The answer must be a single number: the count of lines in the records below that contain the word "HOME".

(Stored items)

• • • • • • •

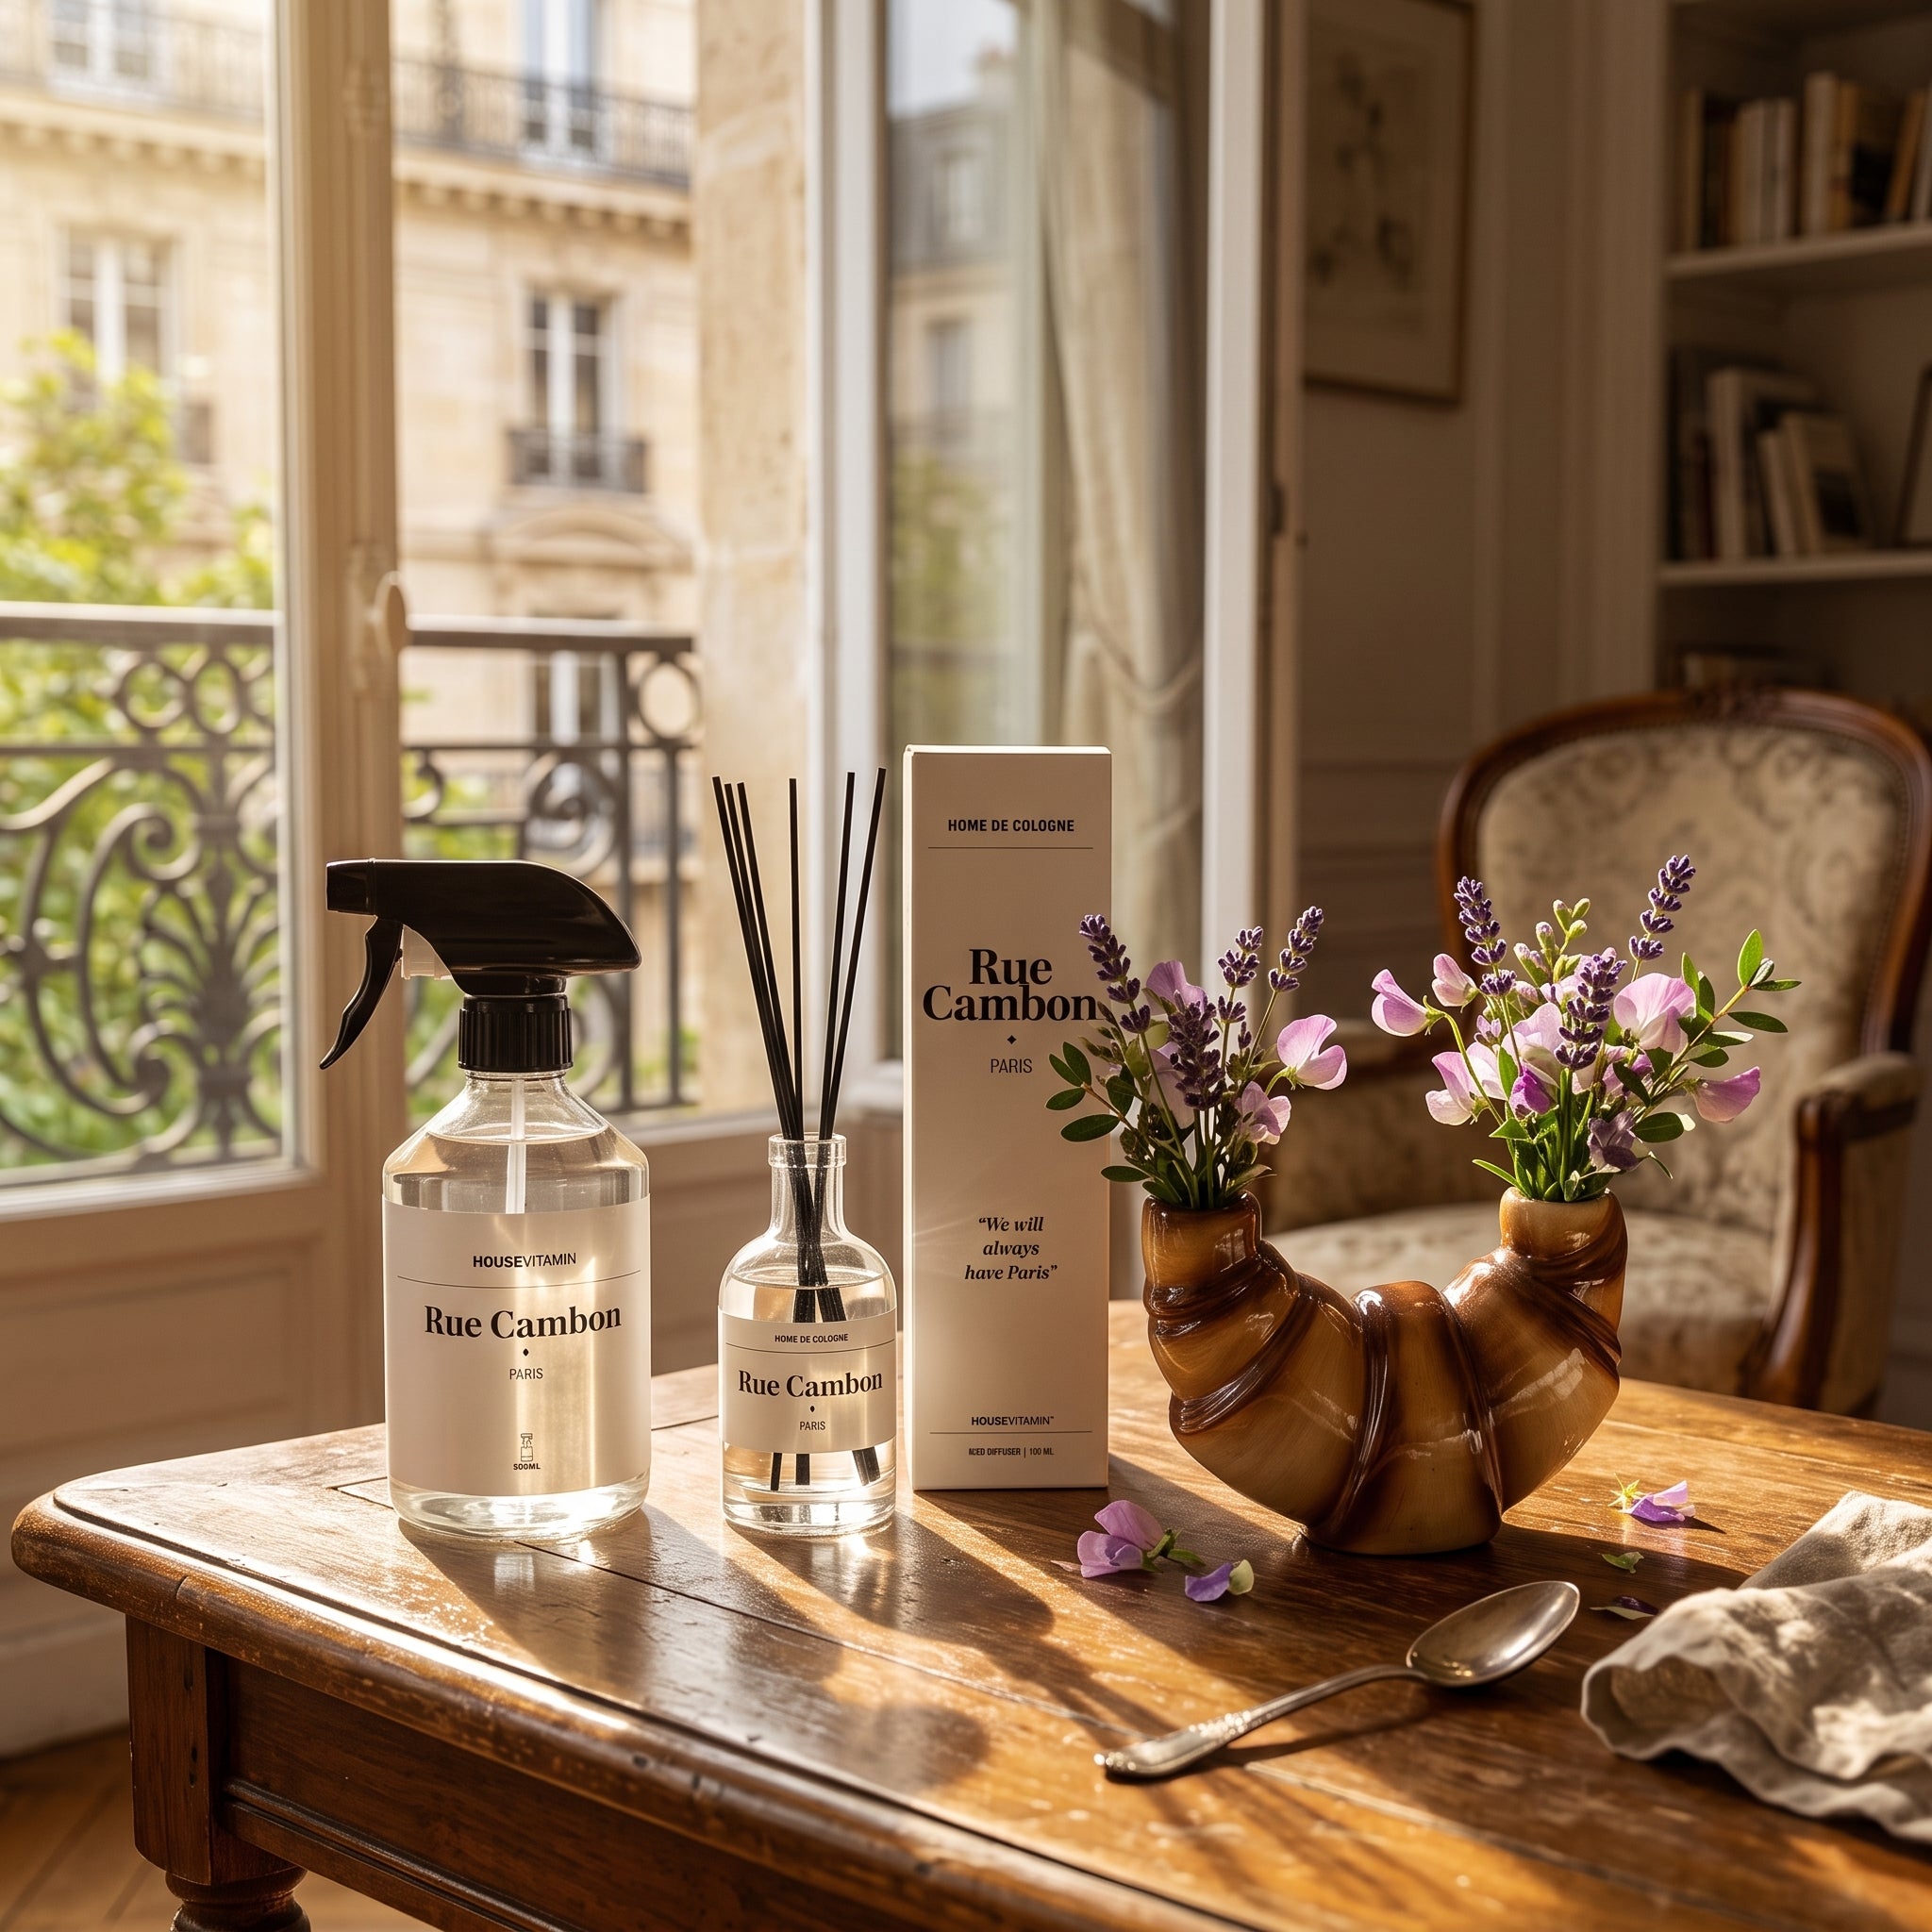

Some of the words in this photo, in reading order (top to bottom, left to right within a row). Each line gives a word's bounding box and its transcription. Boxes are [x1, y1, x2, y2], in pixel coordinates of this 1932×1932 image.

[948, 820, 987, 832] HOME
[991, 820, 1008, 832] DE
[1012, 820, 1074, 832] COLOGNE
[969, 949, 1053, 985] Rue
[923, 985, 1105, 1022] Cambon
[991, 1058, 1033, 1074] PARIS
[978, 1217, 1009, 1231] “We
[1014, 1217, 1043, 1231] will
[982, 1241, 1040, 1258] always
[473, 1253, 576, 1268] HOUSEVITAMIN
[964, 1265, 1003, 1280] have
[1007, 1265, 1058, 1280] Paris”
[425, 1306, 482, 1338] Rue
[491, 1306, 622, 1339] Cambon
[774, 1335, 798, 1343] HOME
[800, 1335, 811, 1343] DE
[812, 1333, 849, 1343] COLOGNE
[509, 1368, 543, 1380] PARIS
[739, 1370, 780, 1396] Rue
[786, 1372, 883, 1397] Cambon
[799, 1421, 826, 1431] PARIS
[987, 1447, 1021, 1456] DIFFUSER
[1029, 1447, 1041, 1456] 100
[1042, 1447, 1055, 1456] ML
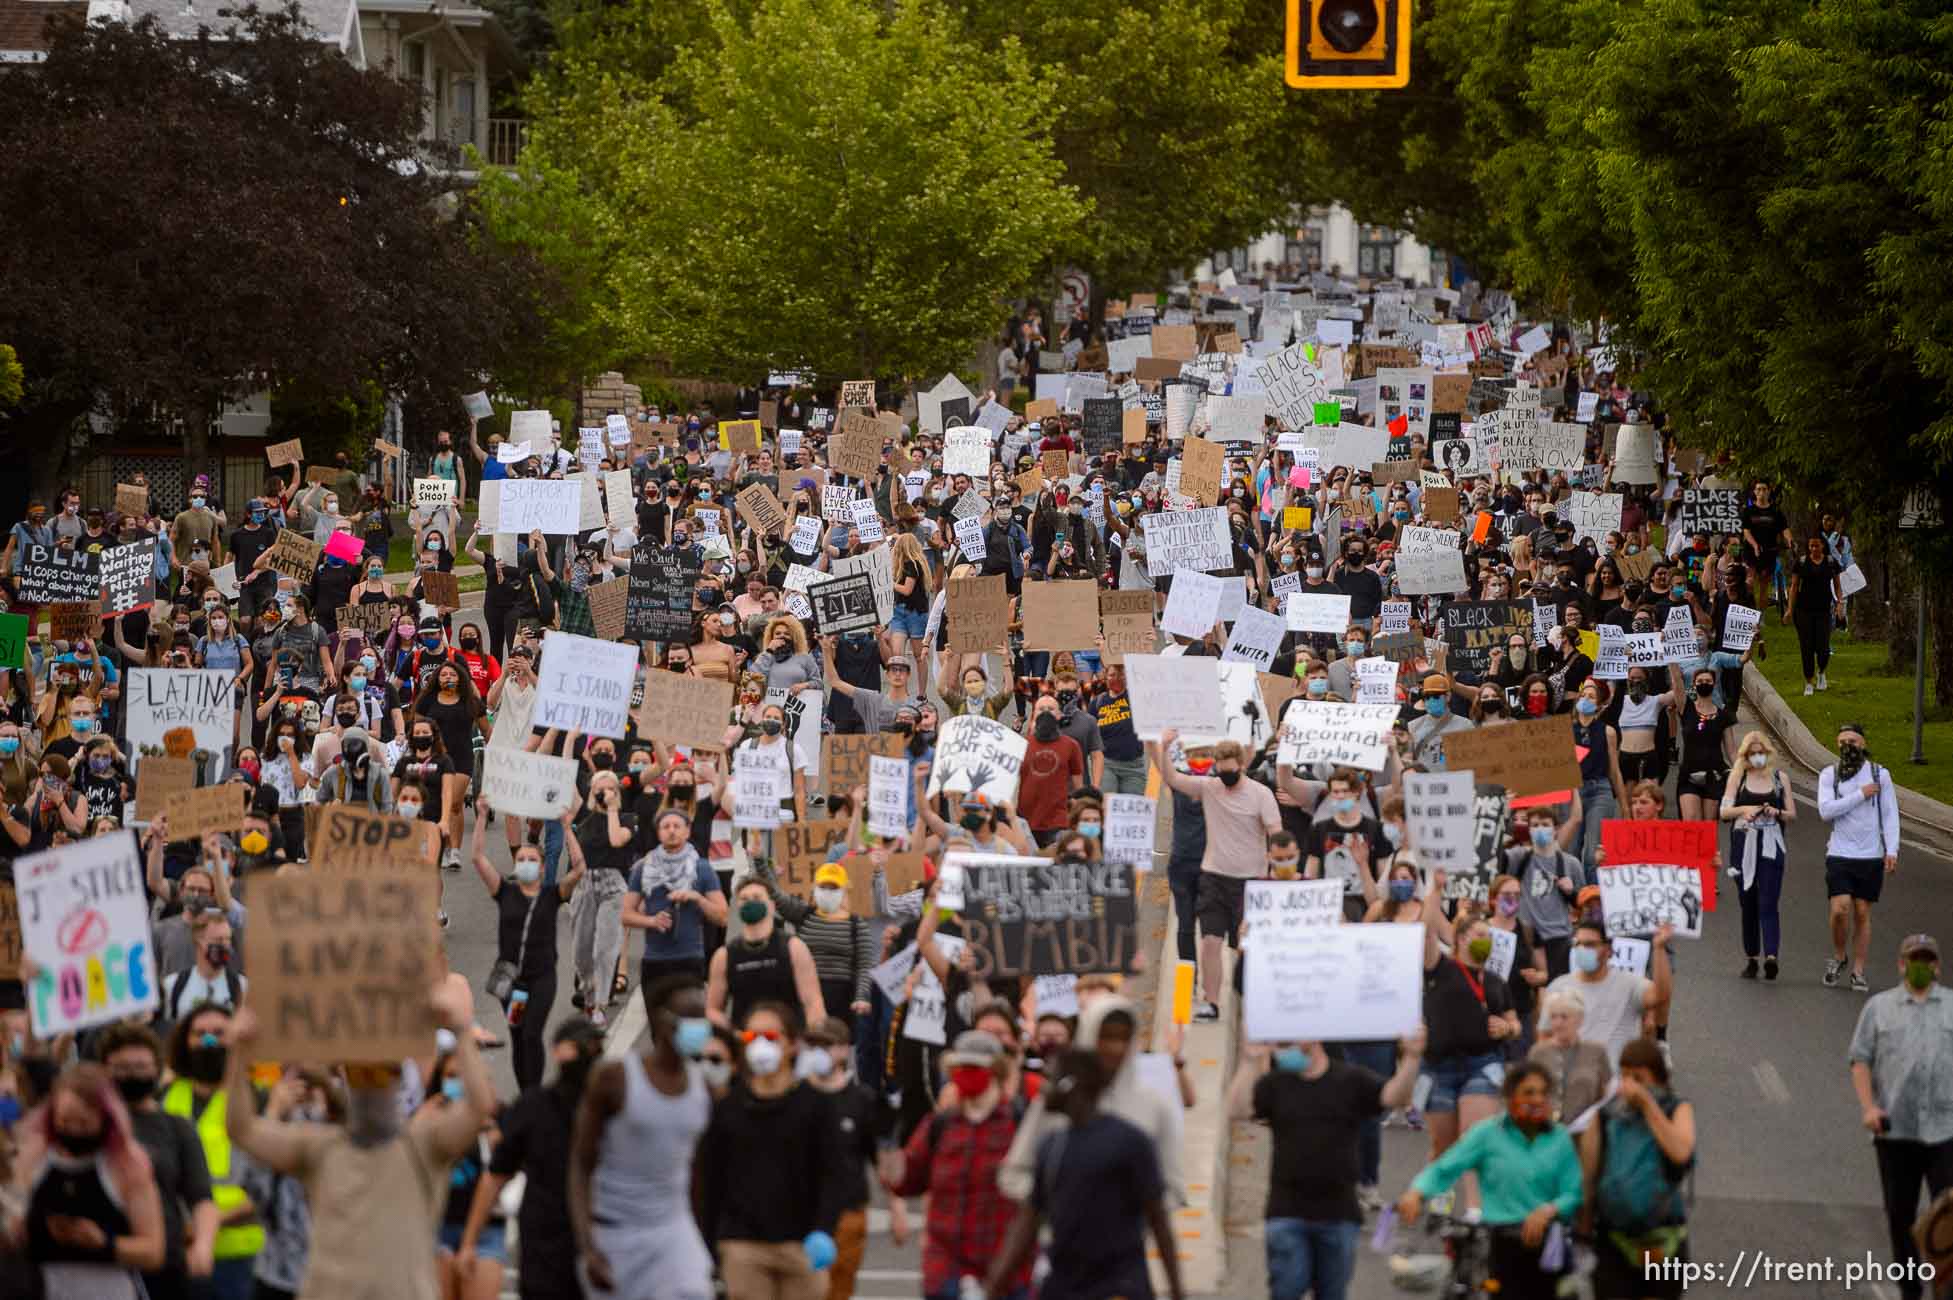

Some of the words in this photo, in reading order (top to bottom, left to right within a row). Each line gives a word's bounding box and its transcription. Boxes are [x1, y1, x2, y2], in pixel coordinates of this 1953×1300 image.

[1256, 345, 1309, 388] BLACK
[1268, 364, 1316, 408] LIVES
[1482, 413, 1500, 424] SAY
[1484, 436, 1500, 446] NAM
[1503, 437, 1534, 447] BLACK
[580, 451, 601, 460] MATTER
[1296, 449, 1317, 457] BLACK
[1298, 461, 1317, 469] LIVES
[1501, 458, 1538, 469] MATTER
[418, 491, 449, 501] SHOOT
[825, 487, 853, 500] BLACK
[1683, 489, 1740, 504] BLACK
[824, 499, 850, 510] LIVES
[852, 502, 874, 511] BLACK
[1571, 496, 1619, 509] BLACK
[697, 511, 718, 520] BLACK
[744, 490, 782, 530] ENOUGH!
[1682, 505, 1739, 518] LIVES
[796, 519, 819, 527] BLACK
[858, 514, 876, 525] LIVES
[956, 518, 979, 531] BLACK
[1157, 509, 1203, 528] UNDERSTAND
[1202, 508, 1219, 520] THAT
[1571, 511, 1619, 529] LIVES
[1682, 518, 1743, 534] MATTER
[796, 531, 815, 541] LIVES
[960, 533, 980, 546] LIVES
[1147, 531, 1161, 549] I
[1187, 522, 1217, 544] NEVER
[1407, 527, 1432, 543] YOUR
[1432, 530, 1460, 549] SILENCE
[101, 541, 140, 562] NOT
[279, 533, 315, 556] Black
[790, 541, 815, 551] MATTER
[31, 544, 89, 569] BLM
[633, 548, 649, 564] We
[1203, 554, 1233, 570] STAND
[24, 566, 32, 576] 4
[99, 553, 154, 575] Waiting
[268, 554, 313, 584] MATTER
[99, 571, 126, 586] for
[126, 564, 152, 577] the
[1273, 575, 1297, 589] BLACK
[48, 581, 74, 593] about
[110, 574, 150, 592] NEXT
[112, 590, 139, 611] #
[790, 598, 803, 611] VES
[338, 603, 386, 622] JUSTICE
[1383, 604, 1409, 614] BLACK
[1538, 607, 1554, 617] ACK
[1731, 607, 1758, 617] BLACK
[1384, 620, 1407, 629] LIVES
[1448, 607, 1495, 628] BLACK
[1730, 620, 1753, 630] LIVES
[1666, 629, 1690, 640] LIVES
[1232, 642, 1270, 663] MATTER
[1602, 647, 1624, 657] LIVES
[1627, 651, 1660, 663] HOOT
[1663, 644, 1697, 657] MATTER
[1361, 664, 1393, 674] BLACK
[1596, 662, 1628, 673] MATTER
[554, 673, 567, 695] I
[572, 676, 622, 701] STAND
[1362, 685, 1390, 696] LIVES
[544, 700, 588, 729] WITH
[590, 705, 621, 731] YOU
[952, 716, 1004, 741] HANDS
[955, 729, 981, 742] UP
[832, 735, 890, 756] BLACK
[1293, 742, 1362, 763] Taylor
[740, 756, 776, 769] BLACK
[831, 757, 867, 777] LIV
[873, 763, 904, 777] LACK
[743, 782, 773, 795] LIVES
[736, 805, 780, 817] MATTER
[1112, 800, 1153, 814] BLACK
[328, 813, 412, 848] STOP
[1111, 825, 1147, 839] LIVES
[1103, 850, 1152, 864] MATTER
[1604, 866, 1700, 887] JUSTICE
[264, 878, 418, 924] BLACK
[1249, 890, 1273, 910] NO
[1280, 887, 1339, 910] JUSTICE
[1632, 887, 1682, 906] FOR
[1608, 906, 1675, 932] GEORGE
[277, 936, 426, 979] LIVES

• • • • • • •

• [Response area]:
2